И тут словно бы что-то толкнуло Сивоока. А сам он на что растрачивает свои силы? Стоит тут как пень, разинул рот на турьи побоища, так, словно бы это ему крайне необходимо. Вовсе выпустил из виду, почему бежал из Ситникова городка, забыл и про Величку, и про обещанный ей цветок. А солнце уже клонилось совсем книзу, и приближалась неотвратимая ночь, нечего было и думать о том, чтобы выбраться из пущи сегодня, – придется здесь и заночевать. Сивоок не боялся темноты и одиночества, потому что и к тому и к другому приучен был Родимом, знал также, что добрые боги оберегают того, кто им по душе, с одинаковой старательностью днем и ночью; точно так же как днем и ночью подстерегает тебя бесовская сила, и ты уже сам должен позаботиться о том, чтобы не поддаться ей. Надолго еще хватит ему науки Родима, заботливости Родима. Вот за пазухой у него кожаный кисет, а там огниво из сизой стали, черный кремень и сухой трут – тоже подарок Родима, который всегда предостерегал: отправляешься хотя бы в кратчайшую дорогу – имей при себе огниво, чтобы всегда мог обогреться, отогнать дикого зверя, что-то там себе приготовить поесть.
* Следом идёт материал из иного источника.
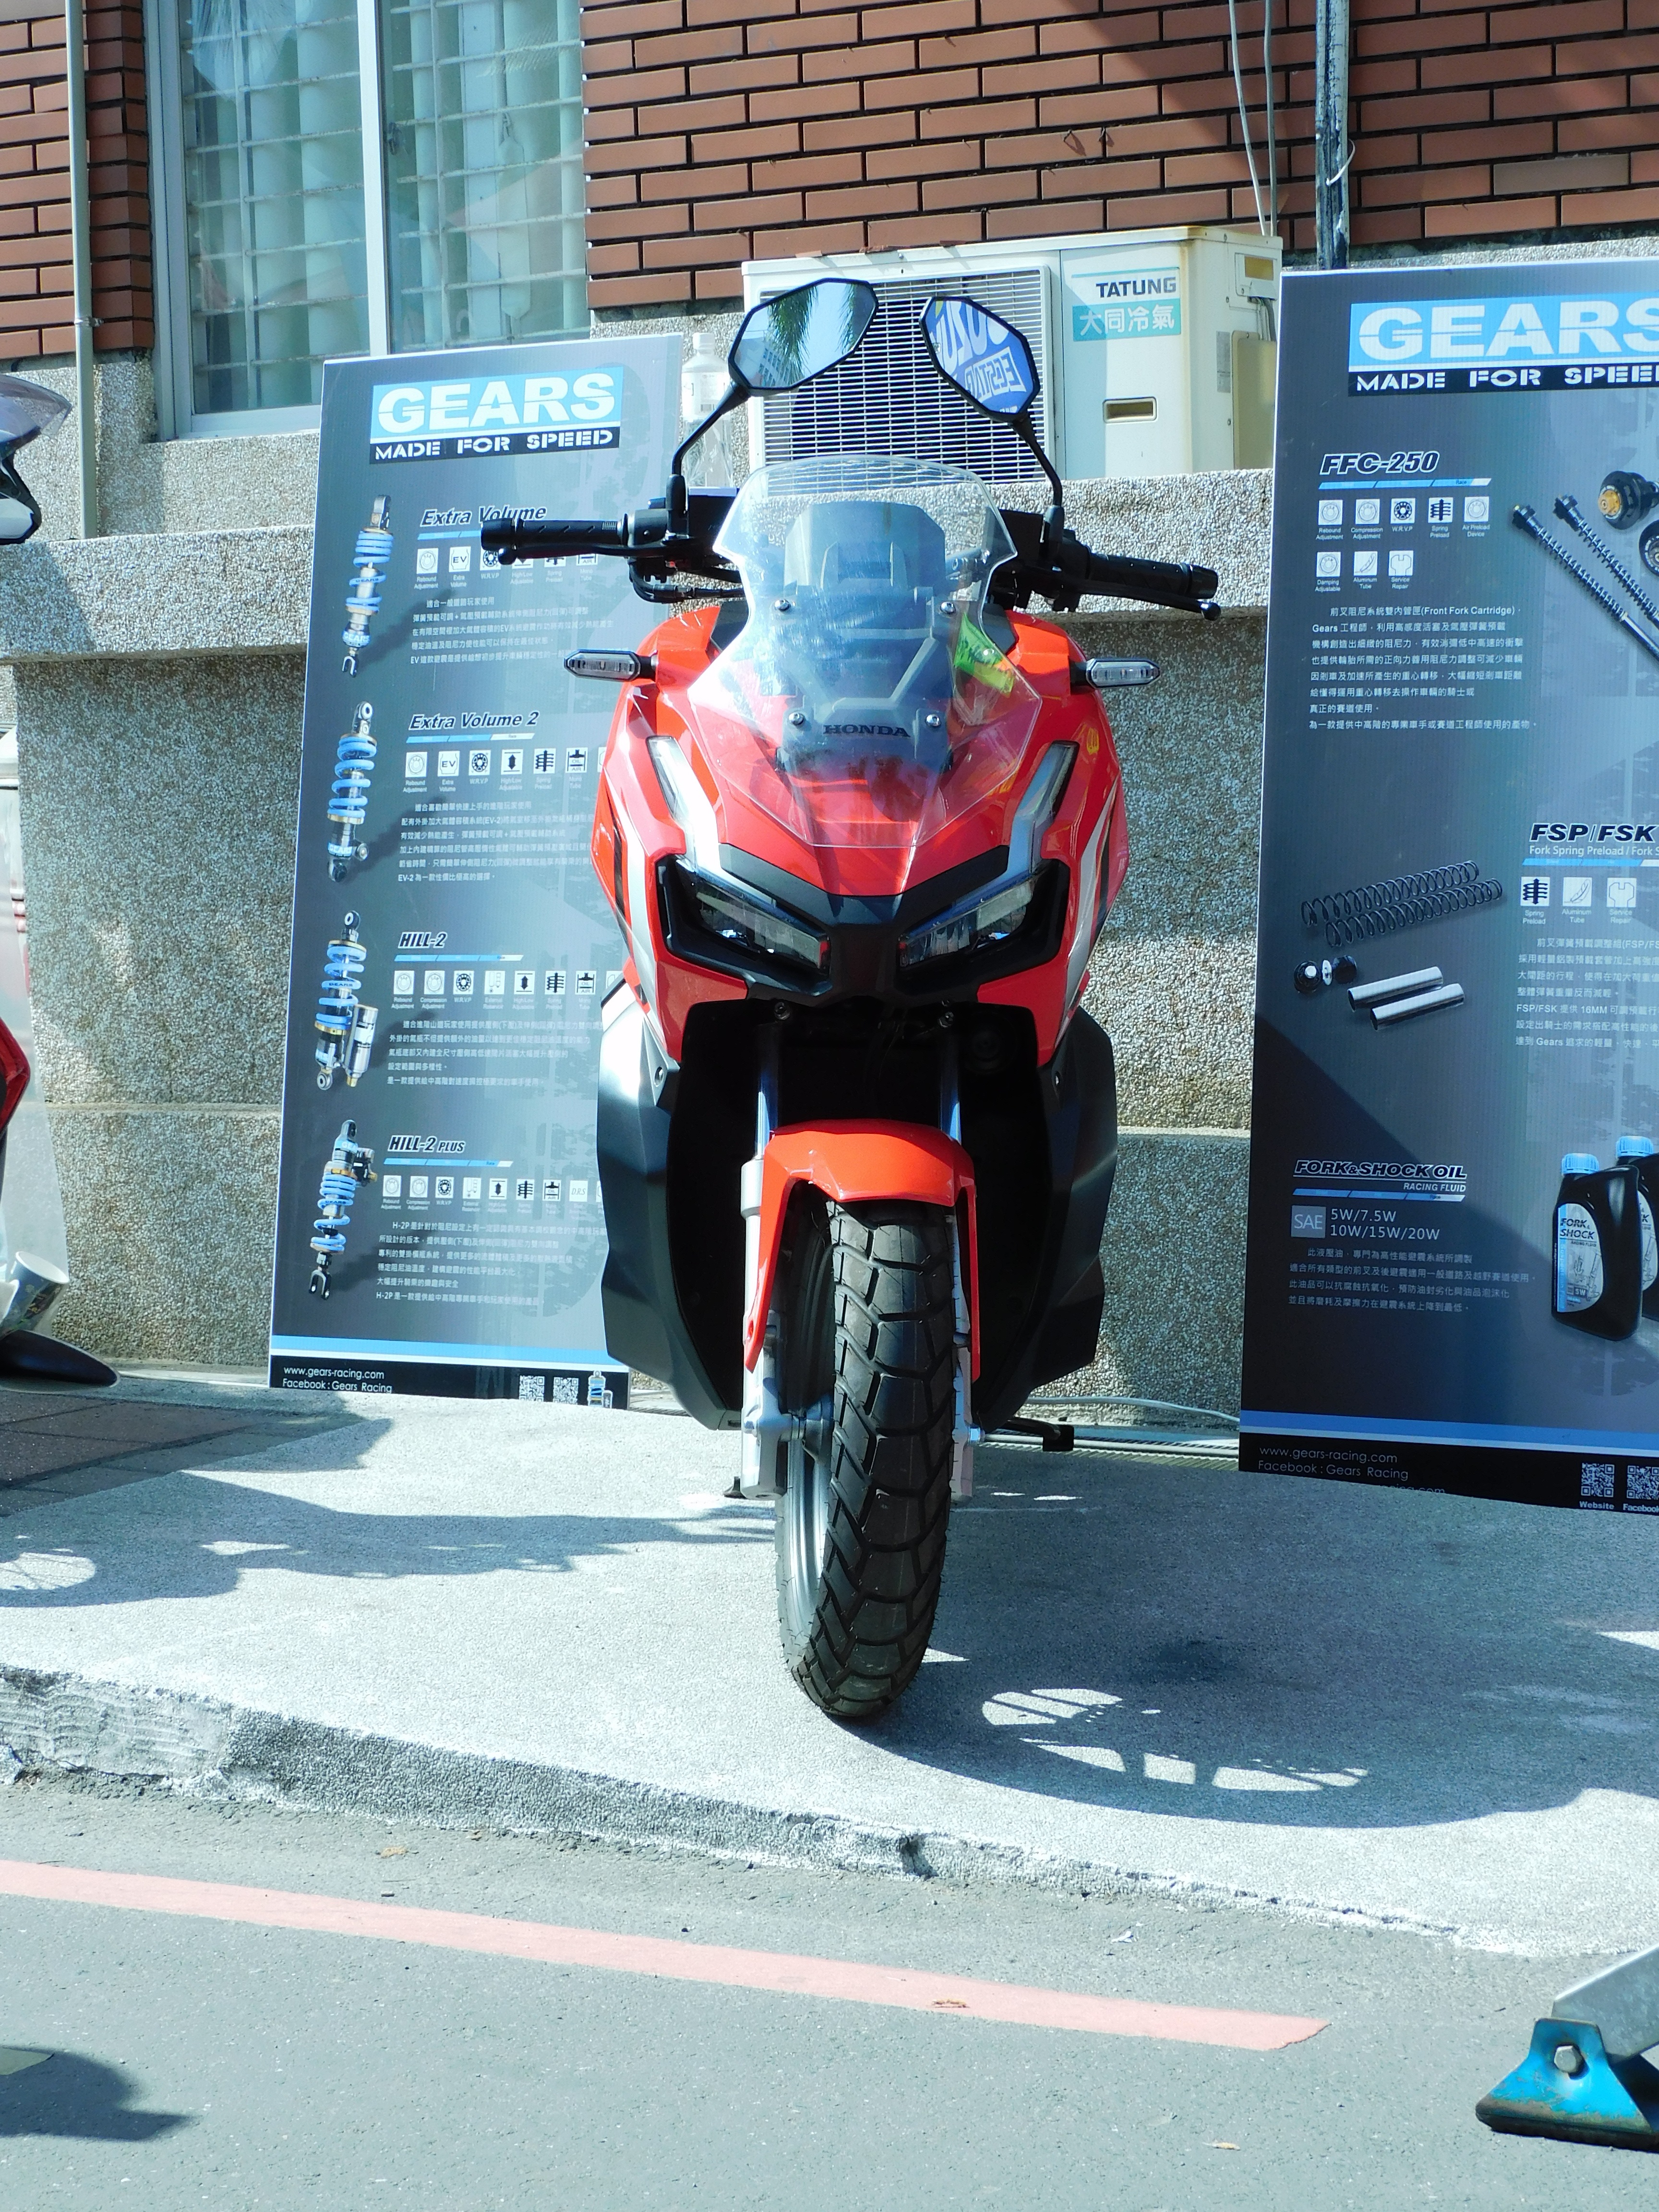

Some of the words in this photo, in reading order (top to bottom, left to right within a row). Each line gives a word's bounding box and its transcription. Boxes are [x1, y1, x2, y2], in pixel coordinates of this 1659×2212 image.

[1096, 276, 1177, 298] TATUNG
[1080, 304, 1175, 336] 大同冷氣
[1359, 298, 1659, 361] GEARS
[1357, 372, 1445, 391] MADE
[1469, 369, 1540, 386] FOR
[1564, 365, 1659, 384] SPEE
[378, 373, 615, 433] GEARS
[375, 441, 441, 460] MADE
[457, 437, 510, 454] FOR
[527, 430, 613, 449] SPEED
[1319, 450, 1440, 475] FFC-250
[420, 507, 472, 527] Extra
[479, 505, 547, 523] Volume
[1449, 606, 1468, 614] Fork
[1312, 624, 1338, 632] Gears
[344, 634, 370, 642] GEARS
[409, 714, 455, 730] Extra
[461, 711, 523, 728] Volume
[527, 710, 540, 726] 2
[823, 724, 910, 738] HONDA
[1529, 822, 1659, 843] FSP/FSK
[1529, 846, 1551, 854] Fork
[1553, 846, 1584, 857] Spring
[1587, 846, 1624, 855] Preload
[1632, 846, 1653, 855] Fork
[398, 932, 447, 949] HILL-2
[1516, 1004, 1557, 1013] FSP/FSK
[1560, 1005, 1578, 1013] 提供
[1581, 1006, 1607, 1014] 16MM
[1536, 1037, 1563, 1046] Gears
[387, 1135, 437, 1153] HILL-2
[437, 1140, 466, 1153] PLUS
[1433, 1164, 1467, 1179] OIL
[1403, 1183, 1438, 1191] RACING
[1440, 1184, 1466, 1192] FLUID
[1294, 1214, 1322, 1230] SAE
[1331, 1208, 1396, 1222] 5W/7.5W
[1560, 1218, 1587, 1227] FORK
[1330, 1225, 1440, 1240] 10W/15W/20W
[1560, 1229, 1595, 1239] SHOCK
[284, 1367, 384, 1380] www.gears-racing.com
[332, 1381, 357, 1391] Gears
[361, 1382, 392, 1394] Racing
[1260, 1447, 1397, 1464] www.gears-racing.com
[1326, 1464, 1361, 1476] Gears
[1367, 1467, 1408, 1481] Racing
[1579, 1501, 1614, 1510] Website
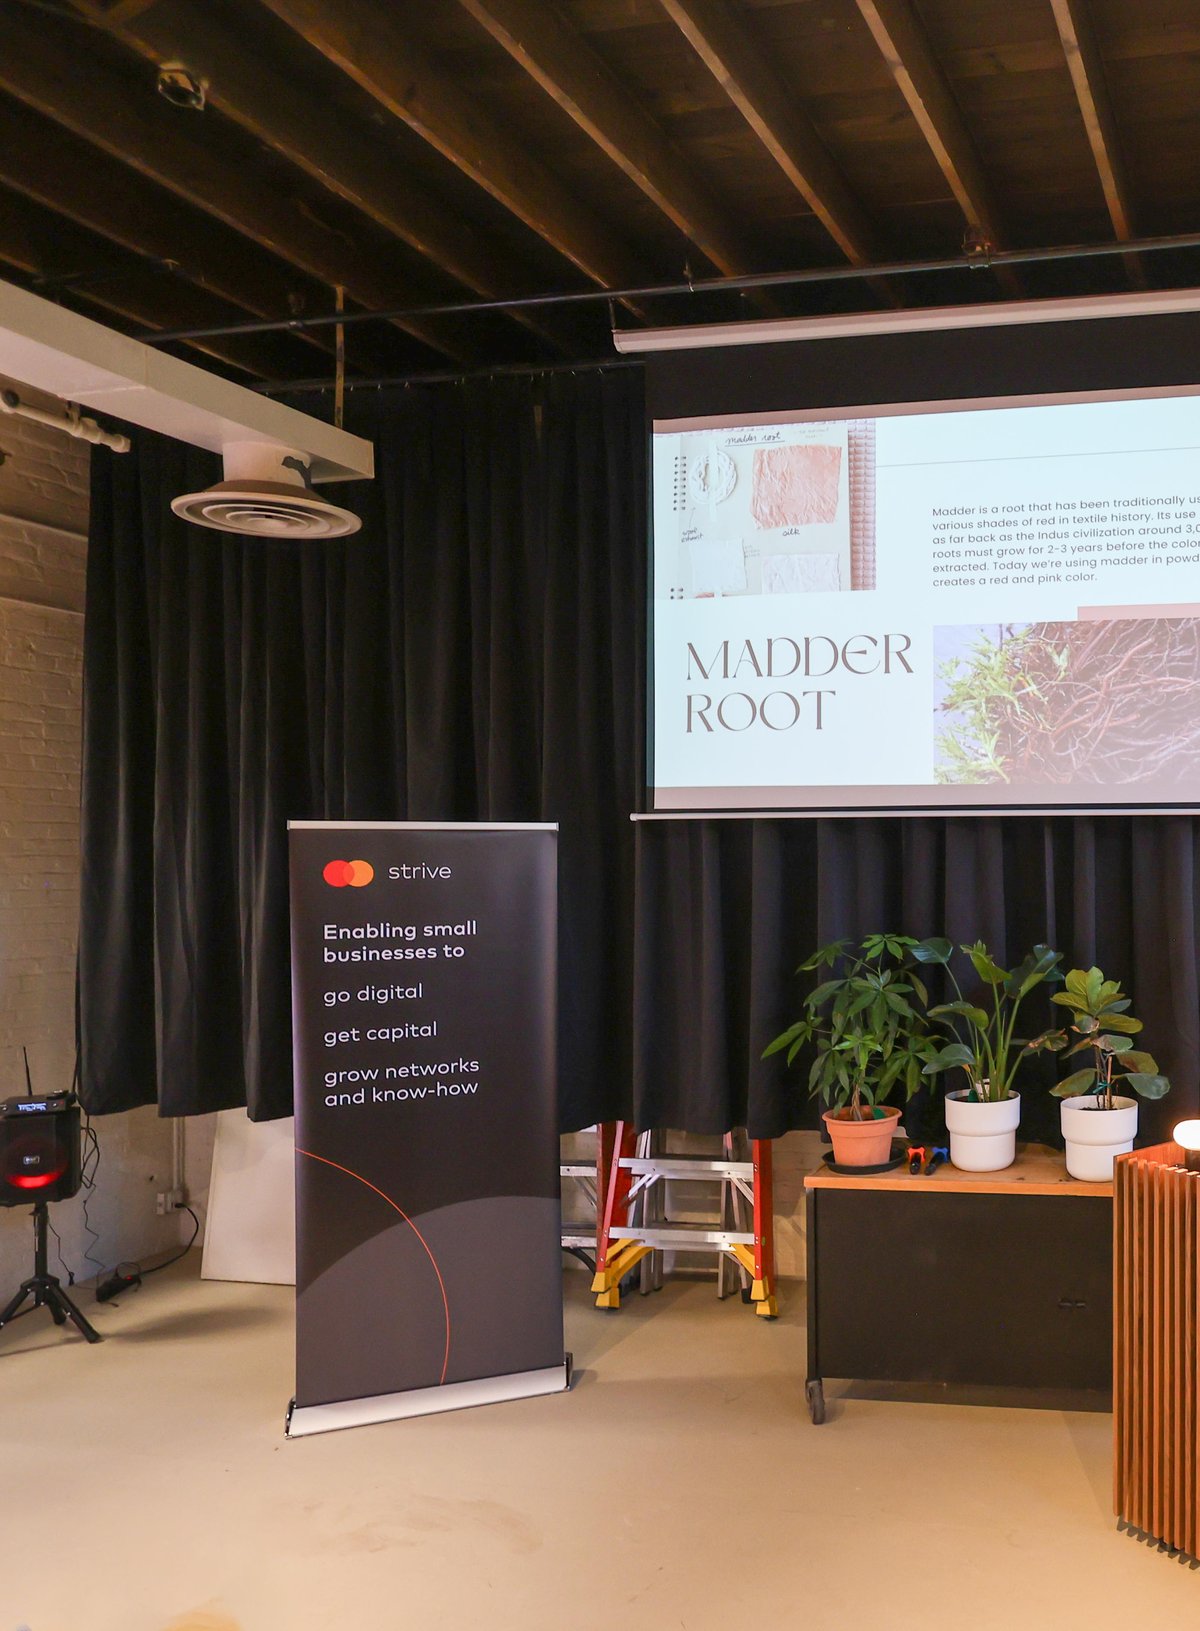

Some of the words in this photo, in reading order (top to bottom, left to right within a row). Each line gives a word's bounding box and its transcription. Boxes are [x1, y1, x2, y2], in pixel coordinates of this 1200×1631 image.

[932, 506, 976, 516] Madder
[979, 505, 988, 514] is
[991, 506, 999, 514] a
[1002, 504, 1025, 513] root
[1028, 502, 1052, 512] that
[1055, 501, 1077, 510] has
[1080, 500, 1110, 509] been
[1113, 495, 1185, 508] traditionally
[932, 520, 974, 531] various
[977, 518, 1019, 529] shades
[1021, 517, 1033, 527] of
[1036, 516, 1055, 526] red
[1059, 515, 1069, 525] in
[1072, 514, 1108, 524] textile
[1111, 512, 1154, 523] history.
[1157, 511, 1171, 520] Its
[1174, 511, 1196, 519] use
[932, 537, 946, 545] as
[949, 534, 965, 544] far
[968, 533, 996, 543] back
[999, 534, 1013, 542] as
[1016, 532, 1035, 541] the
[1038, 530, 1070, 540] Indus
[1072, 527, 1135, 539] civilization
[1138, 524, 1182, 536] around
[932, 550, 962, 559] roots
[964, 548, 994, 557] must
[996, 548, 1025, 559] grow
[1028, 545, 1044, 555] for
[1047, 544, 1067, 554] 2-3
[1070, 544, 1103, 555] years
[1106, 541, 1145, 551] before
[1148, 540, 1168, 550] the
[932, 561, 989, 573] extracted.
[993, 561, 1028, 572] Today
[1031, 560, 1062, 569] we're
[1065, 558, 1097, 569] using
[1100, 555, 1148, 566] madder
[1152, 554, 1163, 564] in
[932, 577, 976, 587] creates
[989, 575, 1008, 585] red
[1011, 574, 1035, 584] and
[1038, 573, 1062, 585] pink
[1065, 572, 1097, 582] color.
[686, 633, 914, 680] MADDER
[686, 690, 836, 733] ROOT
[388, 862, 452, 879] strive
[323, 923, 416, 941] Enabling
[423, 920, 477, 937] small
[323, 946, 437, 963] businesses
[443, 944, 465, 958] to
[323, 990, 350, 1007] go
[357, 982, 423, 1004] digital
[324, 1028, 360, 1047] get
[366, 1020, 437, 1043] capital
[324, 1067, 378, 1087] grow
[386, 1057, 480, 1079] networks
[324, 1089, 365, 1107] and
[373, 1081, 479, 1103] know-how
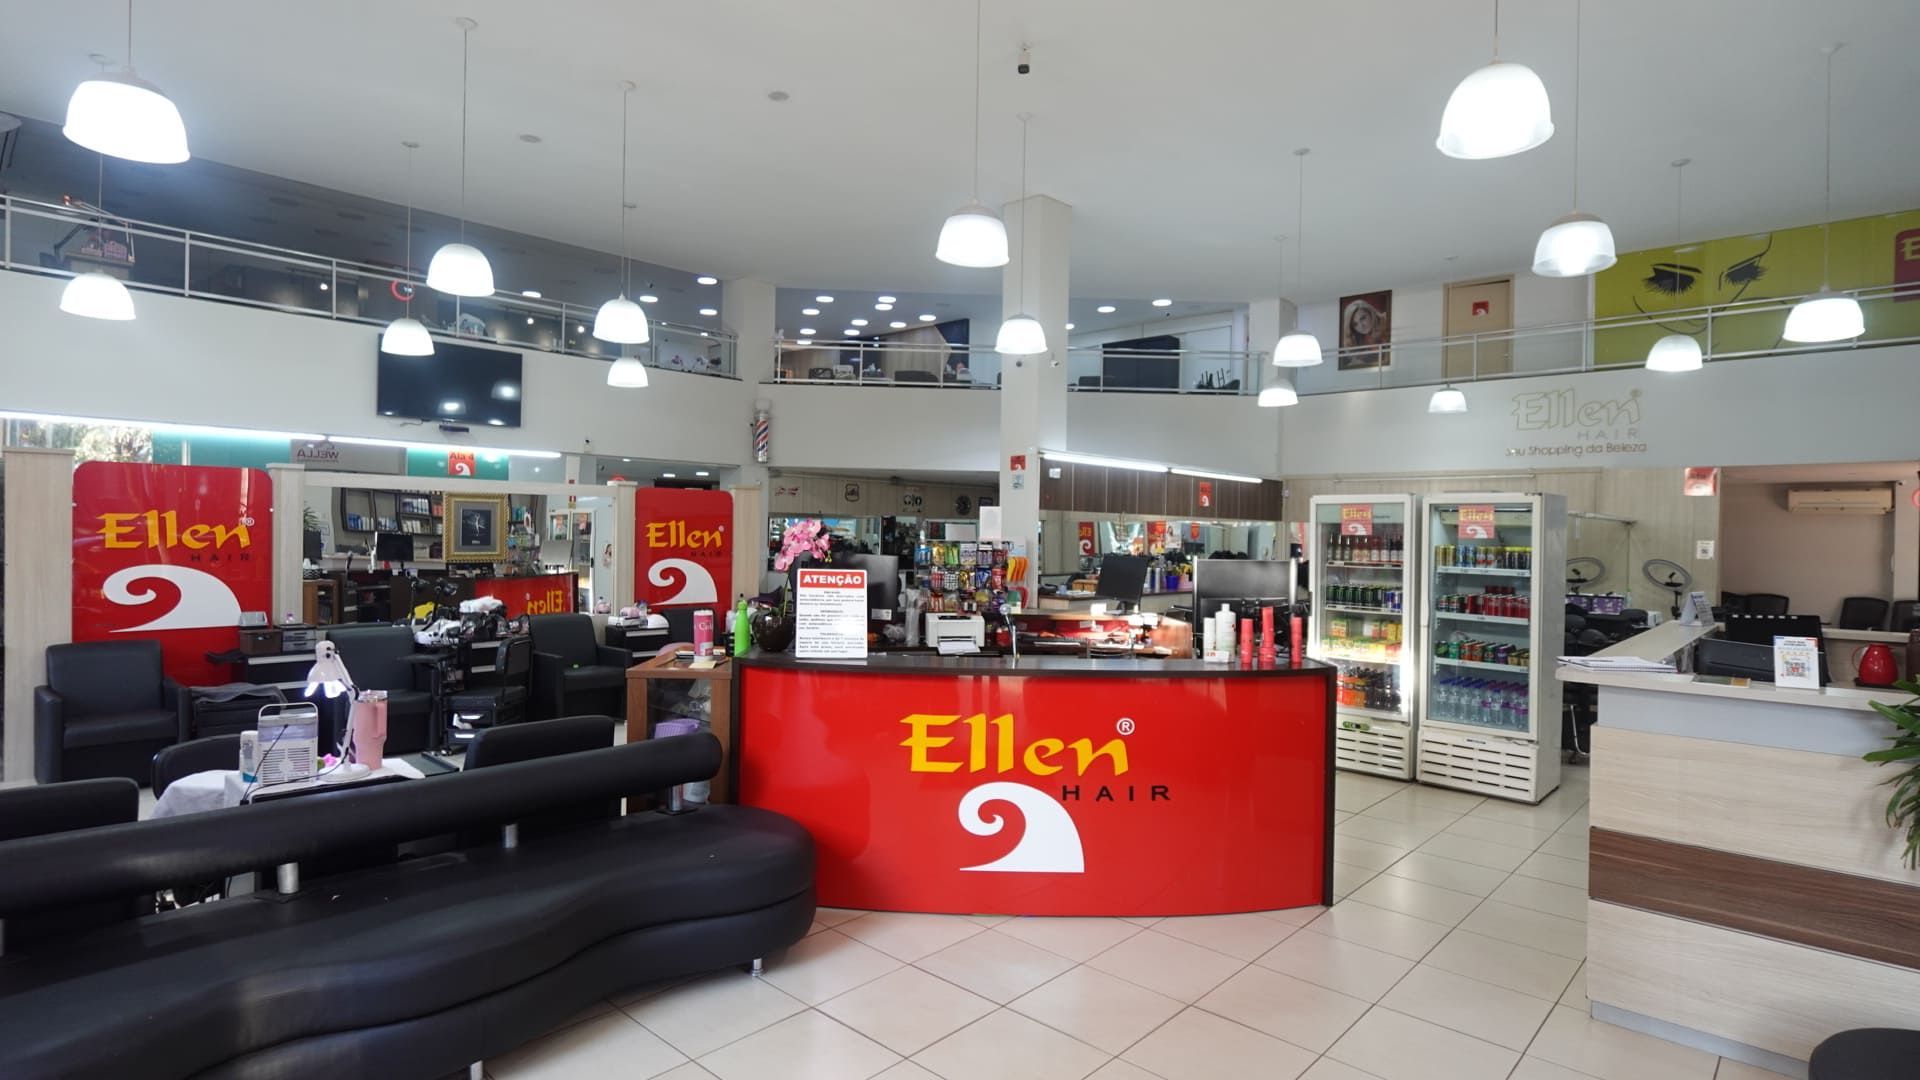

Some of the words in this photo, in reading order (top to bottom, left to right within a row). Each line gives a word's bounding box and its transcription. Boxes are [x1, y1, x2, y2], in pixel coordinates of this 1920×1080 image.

Но огня Сивоок сегодня так и не развел. Во-первых, потому, что озабочен был тем, как выбраться из лесу, поскольку попал в турье царство невольно, дороги не помнил, а теперь, как ни старался, все почему-то вертелся вокруг одних и тех же мест, снова и снова попадал на поляны, где бродили круторогие великаны, или оказывался возле небольших озер, в которых неутомимо трудились вечные пильщики и точильщики – бобры. Не раз и не два замирал он, любуясь странными водными созданиями, завидовал их неутомимой озабоченности, их дружности.

А вечер опускался на леса, вел за собой ночь, полную загадочных шорохов, криков, стонов, в пуще словно бы начиналась новая жизнь, намного более бурная и клокочущая, чем днем, главное же – во сто крат более угрожающая. Ночь упала на пущу как-то совсем неожиданно, застала Сивоока врасплох, он не подумал еще ни о костре, ни об укрытии, поэтому вынужден был взбираться на первое попавшееся ветвистое дерево, устраиваться вверху, чтобы кое-как передремать до утра, а уж потом попытаться выбраться на вольный свет.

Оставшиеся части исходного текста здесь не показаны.